*** Block opens ***

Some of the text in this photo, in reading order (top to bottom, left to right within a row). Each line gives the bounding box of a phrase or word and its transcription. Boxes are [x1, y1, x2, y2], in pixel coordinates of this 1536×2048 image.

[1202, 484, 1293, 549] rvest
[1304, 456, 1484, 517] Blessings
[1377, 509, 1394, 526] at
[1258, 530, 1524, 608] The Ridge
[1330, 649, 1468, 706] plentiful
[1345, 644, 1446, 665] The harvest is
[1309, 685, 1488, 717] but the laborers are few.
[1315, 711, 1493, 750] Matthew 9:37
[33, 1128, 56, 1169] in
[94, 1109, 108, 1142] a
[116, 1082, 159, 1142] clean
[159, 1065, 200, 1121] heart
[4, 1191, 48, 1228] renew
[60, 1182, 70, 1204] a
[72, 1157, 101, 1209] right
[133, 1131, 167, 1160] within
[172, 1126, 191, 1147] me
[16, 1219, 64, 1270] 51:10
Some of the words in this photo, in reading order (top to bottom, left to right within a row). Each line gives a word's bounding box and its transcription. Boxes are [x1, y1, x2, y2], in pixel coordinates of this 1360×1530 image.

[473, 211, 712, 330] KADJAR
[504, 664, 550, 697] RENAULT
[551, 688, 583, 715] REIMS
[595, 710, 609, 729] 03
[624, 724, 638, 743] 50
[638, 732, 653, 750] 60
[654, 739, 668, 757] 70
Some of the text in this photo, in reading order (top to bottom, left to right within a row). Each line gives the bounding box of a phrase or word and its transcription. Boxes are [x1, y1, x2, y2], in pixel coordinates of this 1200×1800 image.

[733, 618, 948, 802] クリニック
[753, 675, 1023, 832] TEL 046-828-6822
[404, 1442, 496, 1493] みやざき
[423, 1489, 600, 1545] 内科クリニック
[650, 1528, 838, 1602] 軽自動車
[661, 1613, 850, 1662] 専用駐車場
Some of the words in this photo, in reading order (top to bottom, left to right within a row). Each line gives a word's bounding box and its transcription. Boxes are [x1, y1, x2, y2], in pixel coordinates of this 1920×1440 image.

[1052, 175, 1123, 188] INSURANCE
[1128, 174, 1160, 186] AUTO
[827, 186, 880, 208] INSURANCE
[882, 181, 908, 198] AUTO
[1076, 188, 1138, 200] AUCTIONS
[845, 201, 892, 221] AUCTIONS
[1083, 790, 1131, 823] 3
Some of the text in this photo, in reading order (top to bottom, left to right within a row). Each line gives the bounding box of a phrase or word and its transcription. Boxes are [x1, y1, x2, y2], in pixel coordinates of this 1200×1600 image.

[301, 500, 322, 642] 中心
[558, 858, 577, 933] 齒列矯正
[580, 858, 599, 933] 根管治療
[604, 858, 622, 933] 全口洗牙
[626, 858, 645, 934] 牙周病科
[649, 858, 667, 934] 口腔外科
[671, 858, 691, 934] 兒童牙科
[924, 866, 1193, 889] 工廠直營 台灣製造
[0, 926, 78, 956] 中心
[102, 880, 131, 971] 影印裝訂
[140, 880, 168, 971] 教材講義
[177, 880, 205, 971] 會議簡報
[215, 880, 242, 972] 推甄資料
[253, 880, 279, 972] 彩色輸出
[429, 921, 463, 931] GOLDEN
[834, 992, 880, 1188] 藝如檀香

*** Block closes ***

Assignment: Please copy out the records exactly as they appear.

Response to the exercise:
Some of the text in this photo, in reading order (top to bottom, left to right within a row). Each line gives the bounding box of a phrase or word and its transcription. Boxes are [x1, y1, x2, y2], in pixel coordinates of this 1536×2048 image.

[1202, 484, 1293, 549] rvest
[1304, 456, 1484, 517] Blessings
[1377, 509, 1394, 526] at
[1258, 530, 1524, 608] The Ridge
[1330, 649, 1468, 706] plentiful
[1345, 644, 1446, 665] The harvest is
[1309, 685, 1488, 717] but the laborers are few.
[1315, 711, 1493, 750] Matthew 9:37
[33, 1128, 56, 1169] in
[94, 1109, 108, 1142] a
[116, 1082, 159, 1142] clean
[159, 1065, 200, 1121] heart
[4, 1191, 48, 1228] renew
[60, 1182, 70, 1204] a
[72, 1157, 101, 1209] right
[133, 1131, 167, 1160] within
[172, 1126, 191, 1147] me
[16, 1219, 64, 1270] 51:10
Some of the words in this photo, in reading order (top to bottom, left to right within a row). Each line gives a word's bounding box and its transcription. Boxes are [x1, y1, x2, y2], in pixel coordinates of this 1360×1530 image.

[473, 211, 712, 330] KADJAR
[504, 664, 550, 697] RENAULT
[551, 688, 583, 715] REIMS
[595, 710, 609, 729] 03
[624, 724, 638, 743] 50
[638, 732, 653, 750] 60
[654, 739, 668, 757] 70
Some of the text in this photo, in reading order (top to bottom, left to right within a row). Each line gives the bounding box of a phrase or word and its transcription. Boxes are [x1, y1, x2, y2], in pixel coordinates of this 1200×1800 image.

[733, 618, 948, 802] クリニック
[753, 675, 1023, 832] TEL 046-828-6822
[404, 1442, 496, 1493] みやざき
[423, 1489, 600, 1545] 内科クリニック
[650, 1528, 838, 1602] 軽自動車
[661, 1613, 850, 1662] 専用駐車場
Some of the words in this photo, in reading order (top to bottom, left to right within a row). Each line gives a word's bounding box and its transcription. Boxes are [x1, y1, x2, y2], in pixel coordinates of this 1920×1440 image.

[1052, 175, 1123, 188] INSURANCE
[1128, 174, 1160, 186] AUTO
[827, 186, 880, 208] INSURANCE
[882, 181, 908, 198] AUTO
[1076, 188, 1138, 200] AUCTIONS
[845, 201, 892, 221] AUCTIONS
[1083, 790, 1131, 823] 3
Some of the text in this photo, in reading order (top to bottom, left to right within a row). Each line gives the bounding box of a phrase or word and its transcription. Boxes are [x1, y1, x2, y2], in pixel coordinates of this 1200×1600 image.

[301, 500, 322, 642] 中心
[558, 858, 577, 933] 齒列矯正
[580, 858, 599, 933] 根管治療
[604, 858, 622, 933] 全口洗牙
[626, 858, 645, 934] 牙周病科
[649, 858, 667, 934] 口腔外科
[671, 858, 691, 934] 兒童牙科
[924, 866, 1193, 889] 工廠直營 台灣製造
[0, 926, 78, 956] 中心
[102, 880, 131, 971] 影印裝訂
[140, 880, 168, 971] 教材講義
[177, 880, 205, 971] 會議簡報
[215, 880, 242, 972] 推甄資料
[253, 880, 279, 972] 彩色輸出
[429, 921, 463, 931] GOLDEN
[834, 992, 880, 1188] 藝如檀香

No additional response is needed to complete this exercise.